- [Records]:
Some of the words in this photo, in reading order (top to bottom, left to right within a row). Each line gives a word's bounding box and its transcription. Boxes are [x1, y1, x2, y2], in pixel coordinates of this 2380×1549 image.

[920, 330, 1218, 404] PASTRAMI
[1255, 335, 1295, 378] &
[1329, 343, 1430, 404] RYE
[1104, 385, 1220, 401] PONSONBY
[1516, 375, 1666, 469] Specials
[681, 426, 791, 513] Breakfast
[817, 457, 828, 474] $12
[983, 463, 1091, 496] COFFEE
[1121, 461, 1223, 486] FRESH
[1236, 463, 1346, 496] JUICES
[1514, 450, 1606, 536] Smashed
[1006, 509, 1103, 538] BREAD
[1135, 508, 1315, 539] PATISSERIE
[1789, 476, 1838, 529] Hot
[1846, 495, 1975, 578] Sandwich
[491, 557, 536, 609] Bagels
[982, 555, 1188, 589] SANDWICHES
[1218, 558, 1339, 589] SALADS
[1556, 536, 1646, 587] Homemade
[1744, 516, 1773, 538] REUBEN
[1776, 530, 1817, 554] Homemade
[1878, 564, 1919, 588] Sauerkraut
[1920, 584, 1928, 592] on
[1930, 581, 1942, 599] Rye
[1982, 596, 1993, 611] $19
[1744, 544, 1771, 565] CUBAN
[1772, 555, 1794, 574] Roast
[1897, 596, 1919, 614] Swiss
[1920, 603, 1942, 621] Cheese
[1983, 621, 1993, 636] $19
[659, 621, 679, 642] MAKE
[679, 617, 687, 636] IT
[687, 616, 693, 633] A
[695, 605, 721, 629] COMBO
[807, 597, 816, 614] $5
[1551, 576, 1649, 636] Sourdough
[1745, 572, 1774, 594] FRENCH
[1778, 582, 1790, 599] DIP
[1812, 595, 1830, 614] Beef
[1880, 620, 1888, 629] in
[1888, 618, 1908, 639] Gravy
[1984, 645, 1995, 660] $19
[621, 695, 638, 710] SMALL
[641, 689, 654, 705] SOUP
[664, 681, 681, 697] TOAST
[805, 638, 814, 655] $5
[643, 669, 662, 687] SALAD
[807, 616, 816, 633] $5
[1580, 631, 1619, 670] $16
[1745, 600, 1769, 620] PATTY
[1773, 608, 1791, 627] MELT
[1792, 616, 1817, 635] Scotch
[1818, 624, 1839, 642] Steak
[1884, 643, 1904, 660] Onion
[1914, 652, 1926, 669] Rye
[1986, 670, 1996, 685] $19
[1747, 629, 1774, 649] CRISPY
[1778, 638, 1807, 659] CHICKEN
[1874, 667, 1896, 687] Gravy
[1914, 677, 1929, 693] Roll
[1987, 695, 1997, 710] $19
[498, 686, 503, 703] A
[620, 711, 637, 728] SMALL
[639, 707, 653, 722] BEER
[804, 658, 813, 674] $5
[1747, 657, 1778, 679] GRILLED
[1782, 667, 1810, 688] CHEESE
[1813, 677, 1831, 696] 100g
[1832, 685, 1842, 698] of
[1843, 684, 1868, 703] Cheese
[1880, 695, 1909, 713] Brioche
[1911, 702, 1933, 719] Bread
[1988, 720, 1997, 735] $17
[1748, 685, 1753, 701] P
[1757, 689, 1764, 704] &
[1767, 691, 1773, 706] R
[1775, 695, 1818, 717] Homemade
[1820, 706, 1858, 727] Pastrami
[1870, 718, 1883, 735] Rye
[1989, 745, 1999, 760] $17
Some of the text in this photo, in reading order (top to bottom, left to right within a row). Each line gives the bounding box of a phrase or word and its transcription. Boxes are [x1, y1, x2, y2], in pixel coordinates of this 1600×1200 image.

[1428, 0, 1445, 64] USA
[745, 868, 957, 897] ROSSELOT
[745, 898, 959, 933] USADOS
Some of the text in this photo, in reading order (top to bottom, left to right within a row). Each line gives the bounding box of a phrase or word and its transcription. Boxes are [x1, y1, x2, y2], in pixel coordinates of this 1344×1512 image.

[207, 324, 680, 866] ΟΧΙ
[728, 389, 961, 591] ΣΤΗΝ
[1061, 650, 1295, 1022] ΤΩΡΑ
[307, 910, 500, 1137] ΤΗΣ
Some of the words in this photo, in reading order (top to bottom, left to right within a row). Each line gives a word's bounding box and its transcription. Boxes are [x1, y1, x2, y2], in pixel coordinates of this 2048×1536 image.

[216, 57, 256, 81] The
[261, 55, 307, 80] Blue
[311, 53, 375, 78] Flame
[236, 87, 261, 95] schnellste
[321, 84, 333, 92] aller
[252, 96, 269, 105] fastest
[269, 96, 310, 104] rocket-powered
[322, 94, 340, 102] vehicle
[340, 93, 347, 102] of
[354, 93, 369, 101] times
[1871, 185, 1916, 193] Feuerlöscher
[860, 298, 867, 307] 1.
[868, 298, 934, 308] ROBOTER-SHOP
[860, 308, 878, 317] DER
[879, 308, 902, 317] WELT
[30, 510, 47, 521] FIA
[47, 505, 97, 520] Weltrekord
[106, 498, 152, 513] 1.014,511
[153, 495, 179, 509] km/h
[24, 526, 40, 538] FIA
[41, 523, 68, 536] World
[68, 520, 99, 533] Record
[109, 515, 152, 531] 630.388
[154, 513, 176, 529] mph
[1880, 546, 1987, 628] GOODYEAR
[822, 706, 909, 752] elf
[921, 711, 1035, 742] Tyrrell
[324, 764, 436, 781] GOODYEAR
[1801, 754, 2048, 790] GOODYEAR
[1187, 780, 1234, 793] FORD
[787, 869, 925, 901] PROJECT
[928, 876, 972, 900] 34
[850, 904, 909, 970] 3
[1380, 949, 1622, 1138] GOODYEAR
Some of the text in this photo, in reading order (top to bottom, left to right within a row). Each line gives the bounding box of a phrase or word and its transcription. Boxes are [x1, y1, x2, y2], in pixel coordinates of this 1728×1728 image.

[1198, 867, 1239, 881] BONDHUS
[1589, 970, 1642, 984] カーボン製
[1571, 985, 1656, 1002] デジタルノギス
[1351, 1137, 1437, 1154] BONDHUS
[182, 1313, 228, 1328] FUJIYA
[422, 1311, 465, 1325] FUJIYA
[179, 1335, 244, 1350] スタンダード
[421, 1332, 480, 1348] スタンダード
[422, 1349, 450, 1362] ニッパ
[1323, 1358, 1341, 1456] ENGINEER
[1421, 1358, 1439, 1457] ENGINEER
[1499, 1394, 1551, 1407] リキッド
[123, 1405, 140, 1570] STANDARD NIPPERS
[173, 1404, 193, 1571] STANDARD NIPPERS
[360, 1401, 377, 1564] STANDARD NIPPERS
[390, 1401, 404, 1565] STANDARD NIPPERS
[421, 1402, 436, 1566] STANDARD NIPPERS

- [Aim of the exercise]:
Return only what runs from the line containing "this 1728×1728 image." to the last line of the records above, both ends included, exactly as written.

- [Result below]:
Some of the text in this photo, in reading order (top to bottom, left to right within a row). Each line gives the bounding box of a phrase or word and its transcription. Boxes are [x1, y1, x2, y2], in pixel coordinates of this 1728×1728 image.

[1198, 867, 1239, 881] BONDHUS
[1589, 970, 1642, 984] カーボン製
[1571, 985, 1656, 1002] デジタルノギス
[1351, 1137, 1437, 1154] BONDHUS
[182, 1313, 228, 1328] FUJIYA
[422, 1311, 465, 1325] FUJIYA
[179, 1335, 244, 1350] スタンダード
[421, 1332, 480, 1348] スタンダード
[422, 1349, 450, 1362] ニッパ
[1323, 1358, 1341, 1456] ENGINEER
[1421, 1358, 1439, 1457] ENGINEER
[1499, 1394, 1551, 1407] リキッド
[123, 1405, 140, 1570] STANDARD NIPPERS
[173, 1404, 193, 1571] STANDARD NIPPERS
[360, 1401, 377, 1564] STANDARD NIPPERS
[390, 1401, 404, 1565] STANDARD NIPPERS
[421, 1402, 436, 1566] STANDARD NIPPERS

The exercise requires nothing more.